• [BRIEF]:
Which lines run from the one containing "this 1344×1512 image." through the end of the entries? Restate them word for word, and only those.

• [SUPPLIED RECORDS]:

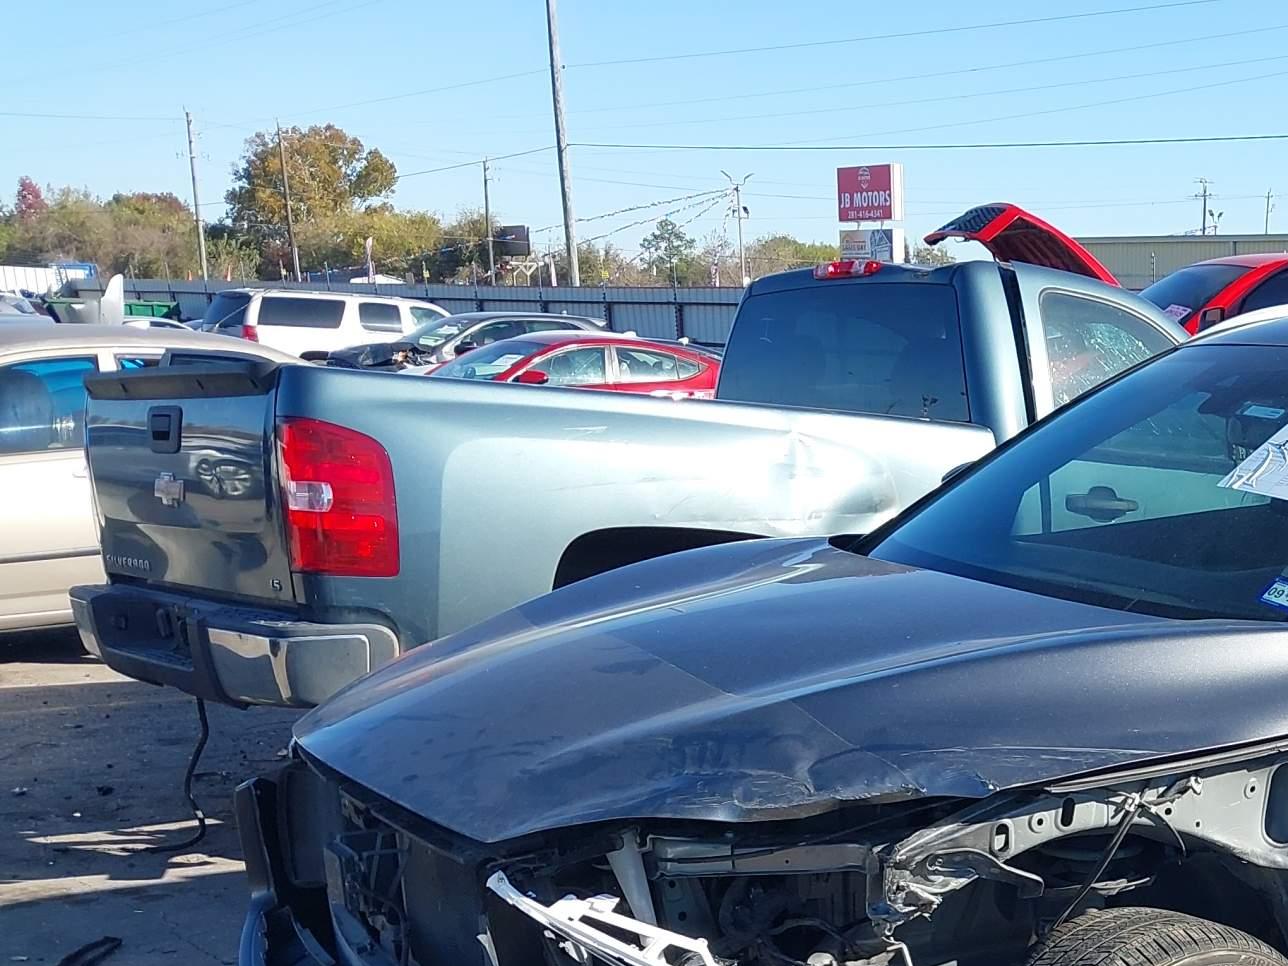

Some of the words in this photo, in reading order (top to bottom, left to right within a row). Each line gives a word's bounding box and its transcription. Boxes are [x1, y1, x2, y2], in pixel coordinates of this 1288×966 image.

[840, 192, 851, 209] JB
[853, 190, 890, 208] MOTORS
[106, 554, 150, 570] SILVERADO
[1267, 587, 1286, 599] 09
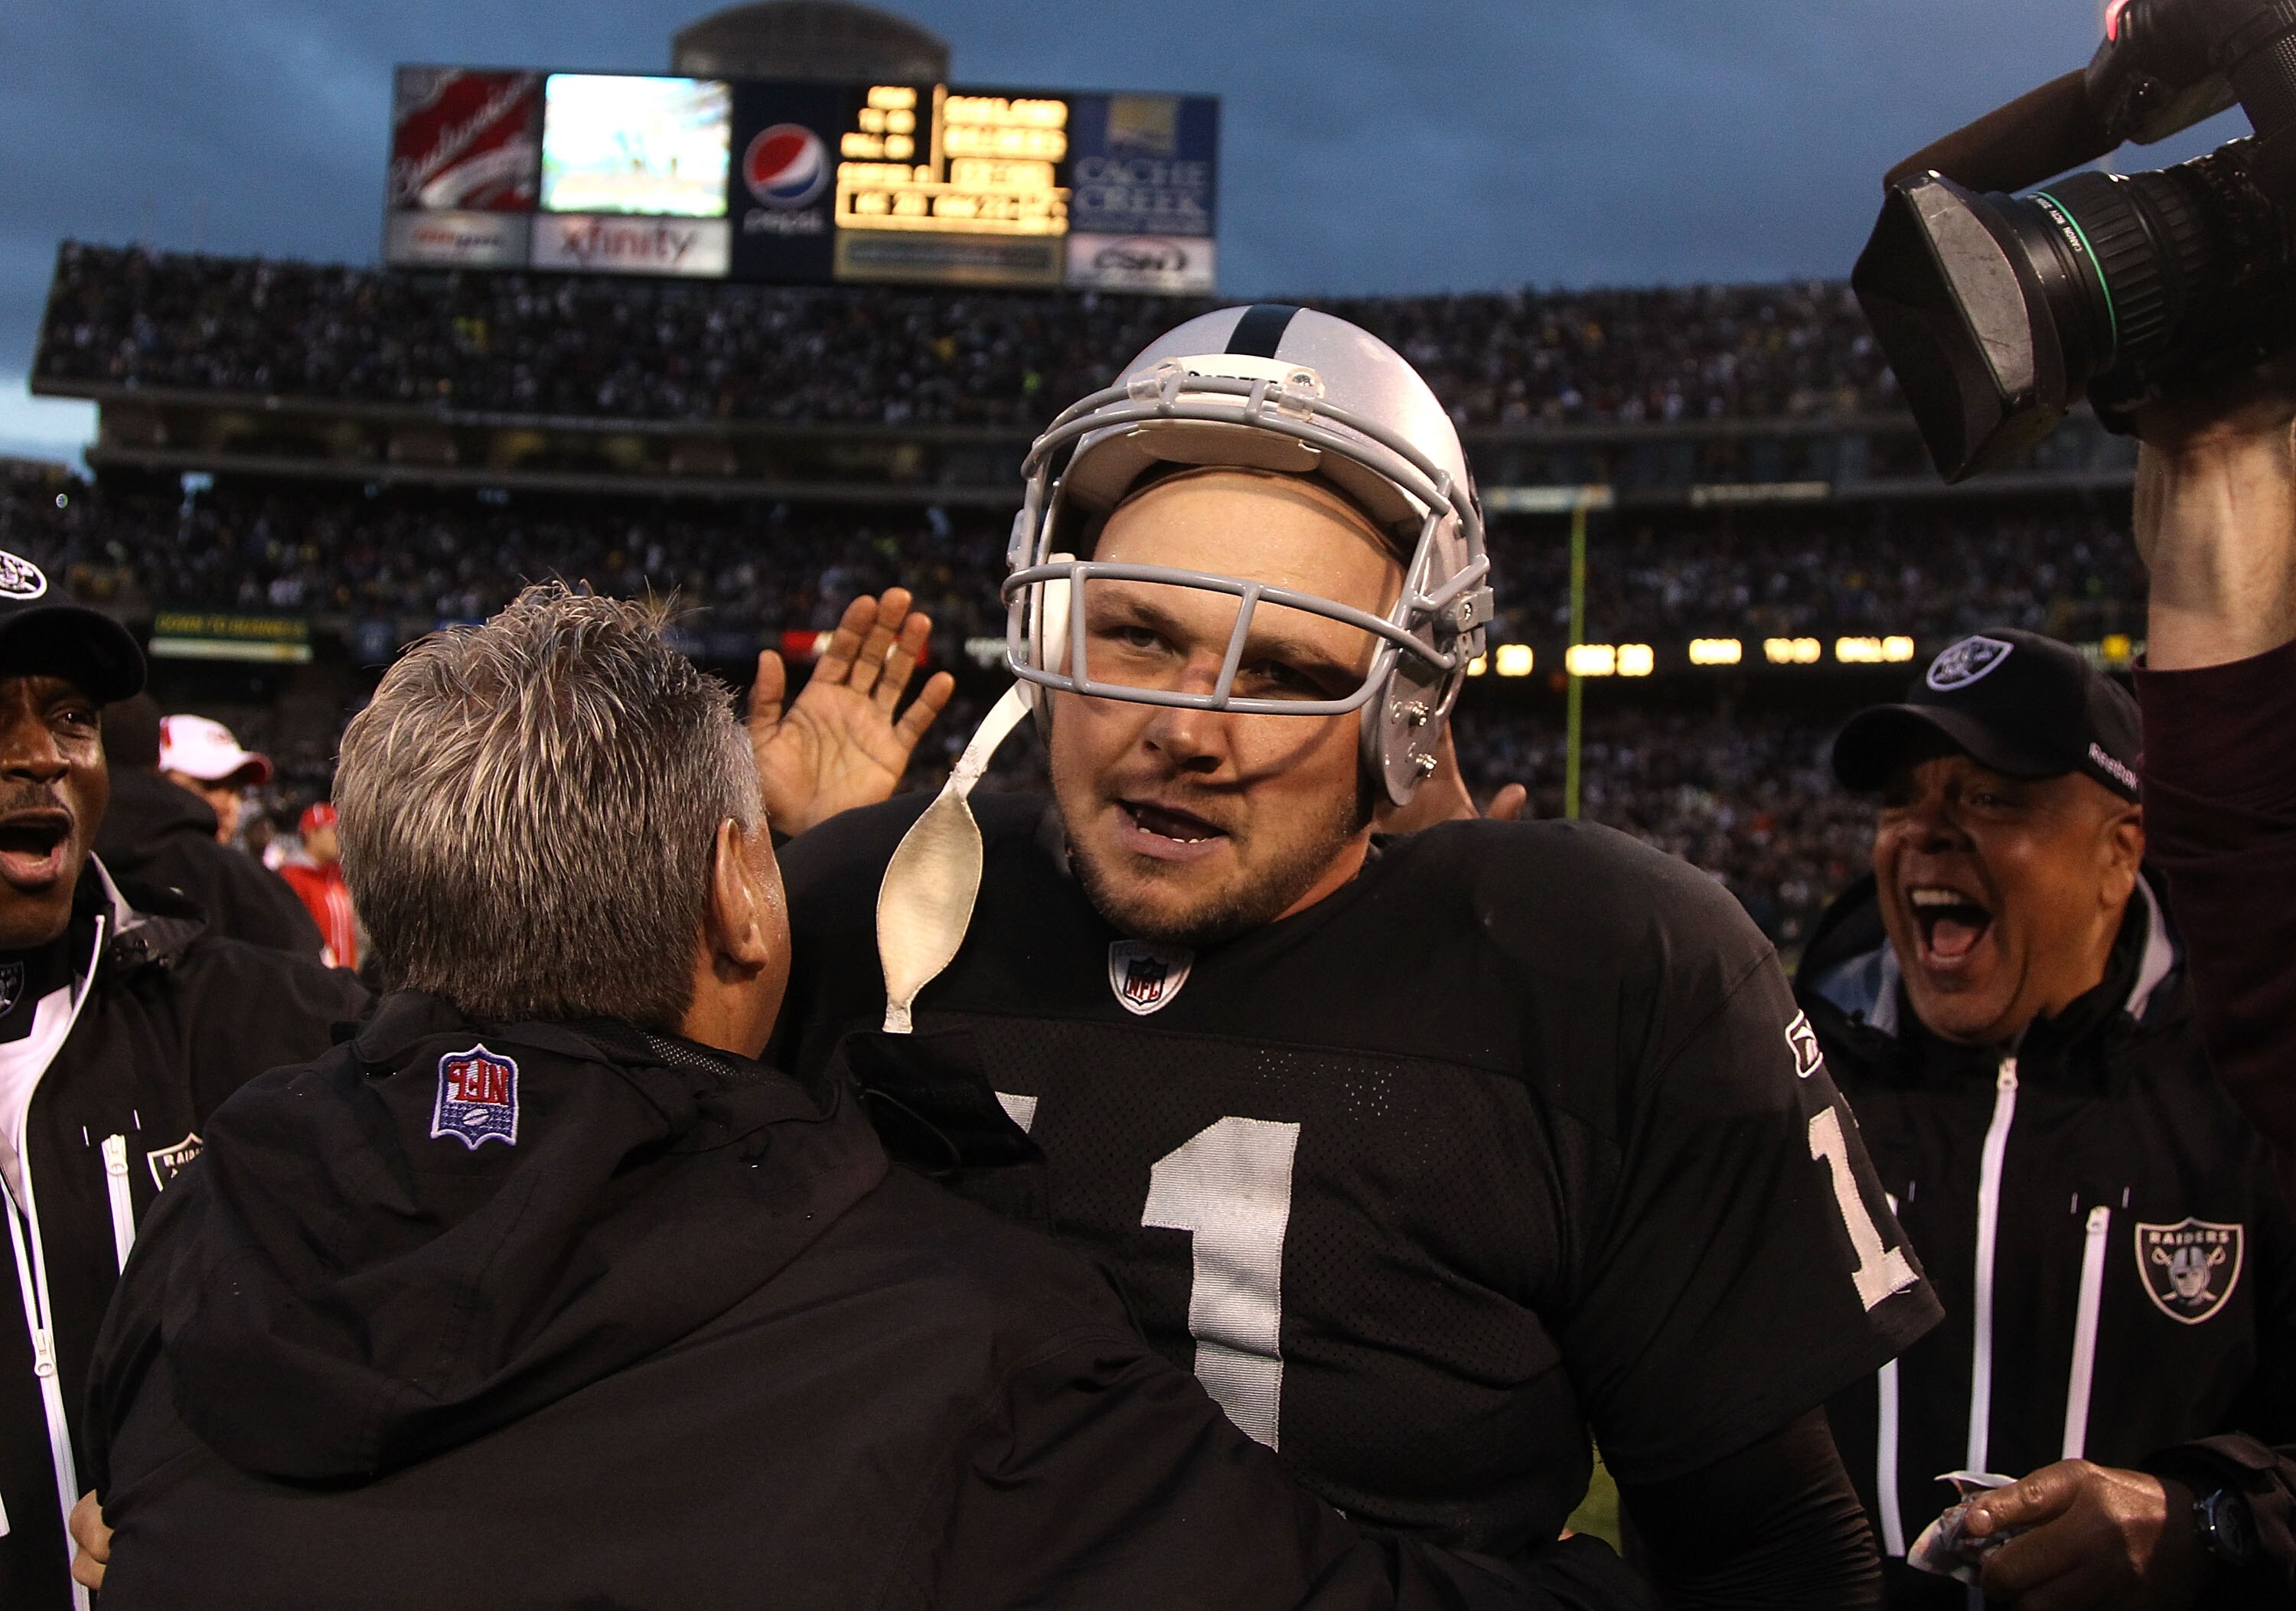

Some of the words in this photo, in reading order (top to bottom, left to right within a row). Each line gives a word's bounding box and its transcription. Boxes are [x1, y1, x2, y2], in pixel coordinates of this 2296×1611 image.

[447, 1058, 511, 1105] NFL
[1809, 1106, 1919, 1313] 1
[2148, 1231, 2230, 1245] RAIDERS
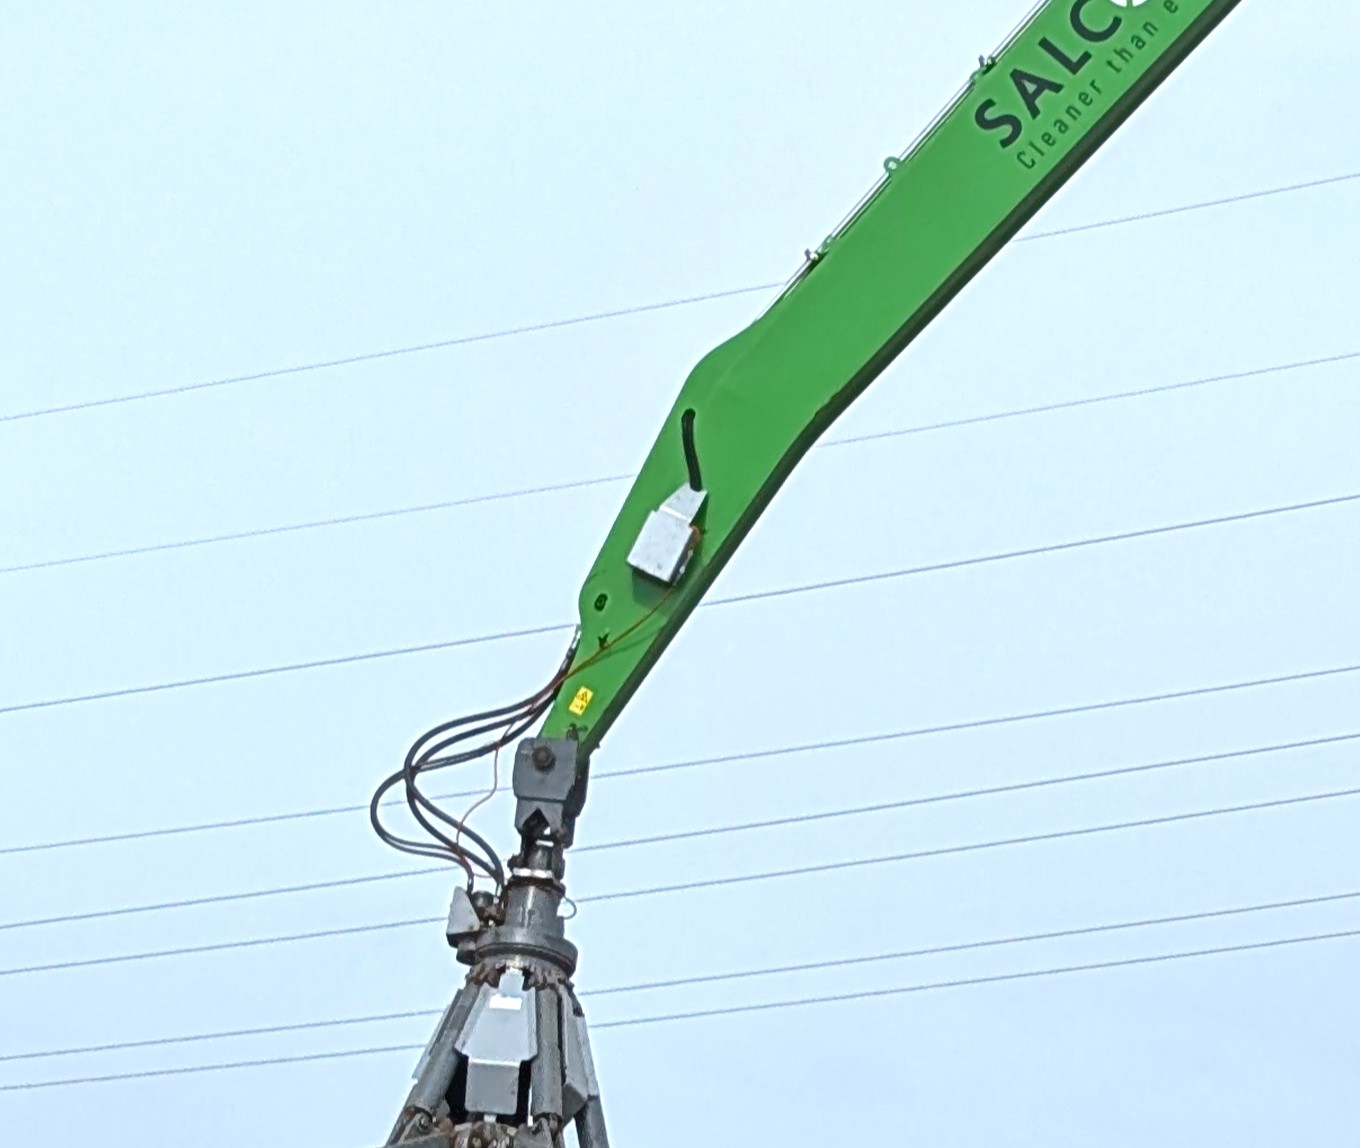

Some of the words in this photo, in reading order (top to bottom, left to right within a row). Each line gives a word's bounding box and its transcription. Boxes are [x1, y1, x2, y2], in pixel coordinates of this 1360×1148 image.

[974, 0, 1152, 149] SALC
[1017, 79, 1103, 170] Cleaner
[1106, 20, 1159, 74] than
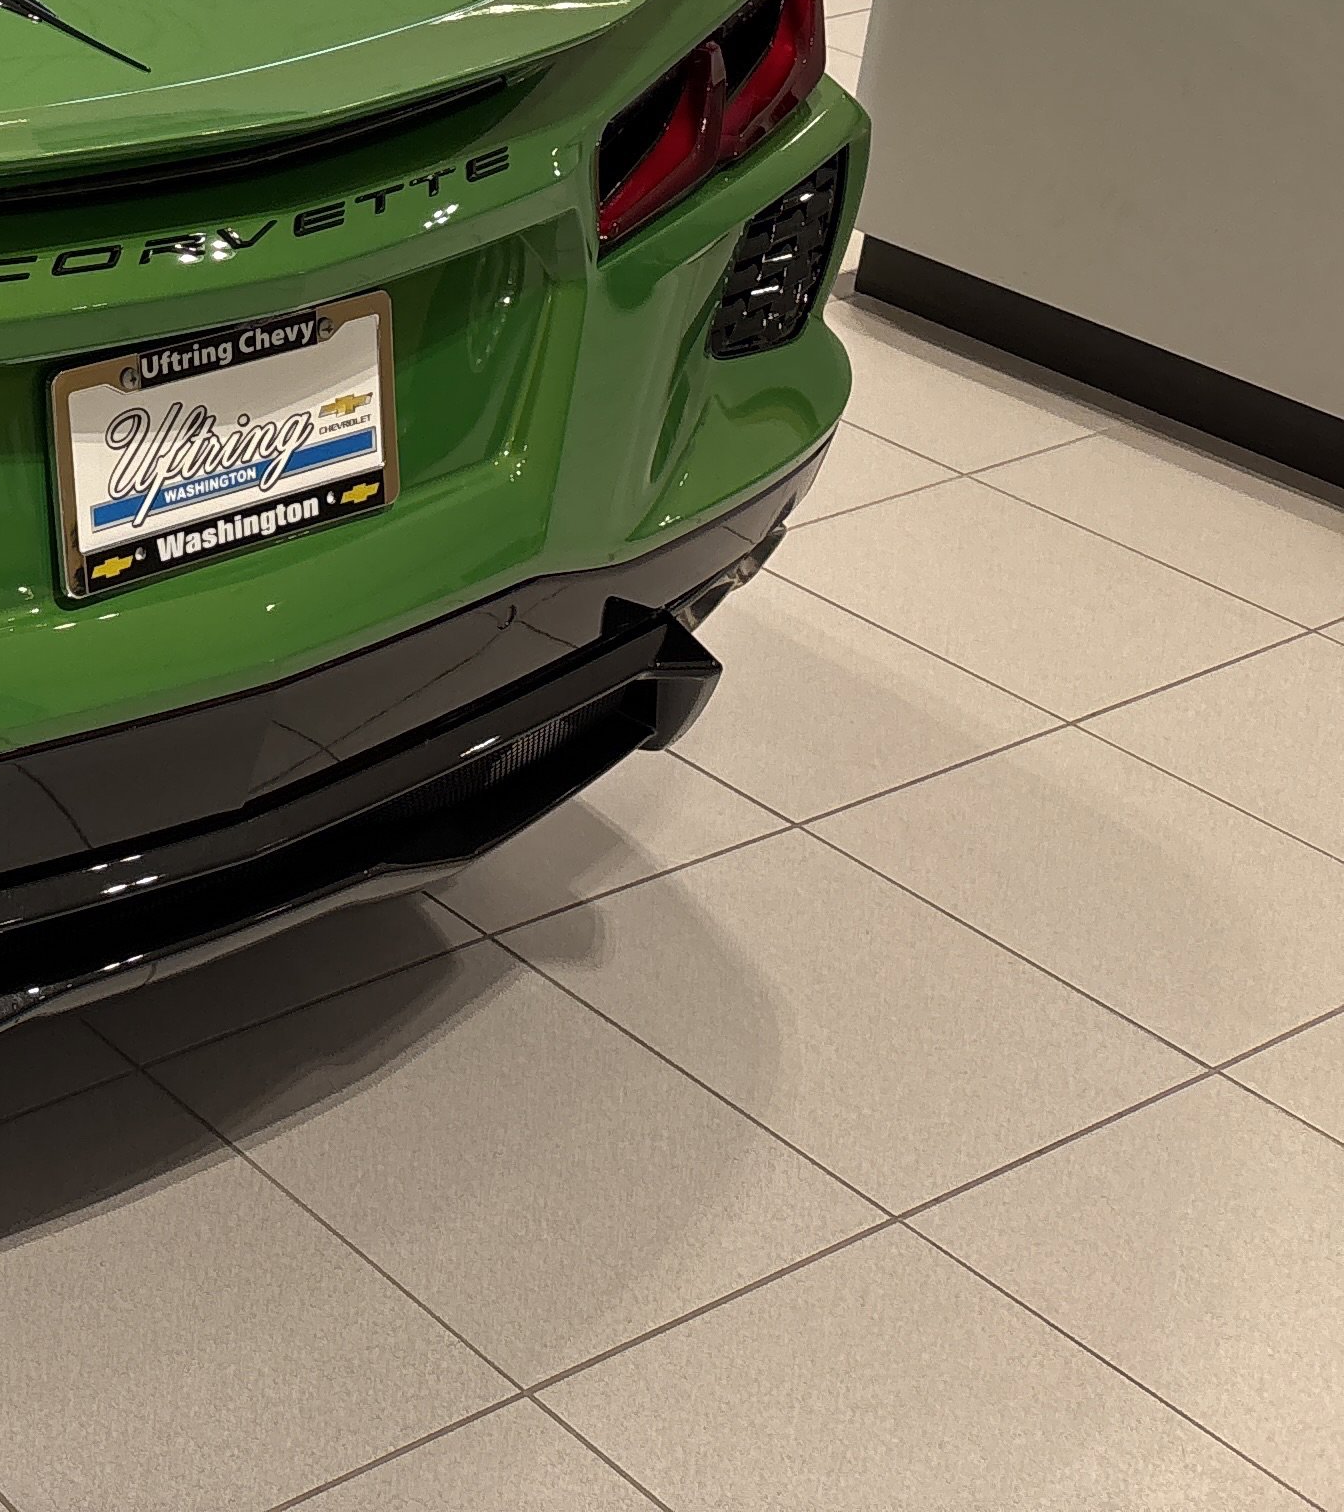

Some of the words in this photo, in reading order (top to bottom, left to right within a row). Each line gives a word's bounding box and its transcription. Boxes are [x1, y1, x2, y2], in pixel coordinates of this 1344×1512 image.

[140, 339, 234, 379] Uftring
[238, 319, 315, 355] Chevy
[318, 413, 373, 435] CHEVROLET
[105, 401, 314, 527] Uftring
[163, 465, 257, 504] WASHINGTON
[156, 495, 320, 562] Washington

• [SOLUTION TO THE PROBLEM]:
Some of the words in this photo, in reading order (top to bottom, left to right within a row). Each line gives a word's bounding box and its transcription. Boxes are [x1, y1, x2, y2], in pixel coordinates of this 1344×1512 image.

[140, 339, 234, 379] Uftring
[238, 319, 315, 355] Chevy
[318, 413, 373, 435] CHEVROLET
[105, 401, 314, 527] Uftring
[163, 465, 257, 504] WASHINGTON
[156, 495, 320, 562] Washington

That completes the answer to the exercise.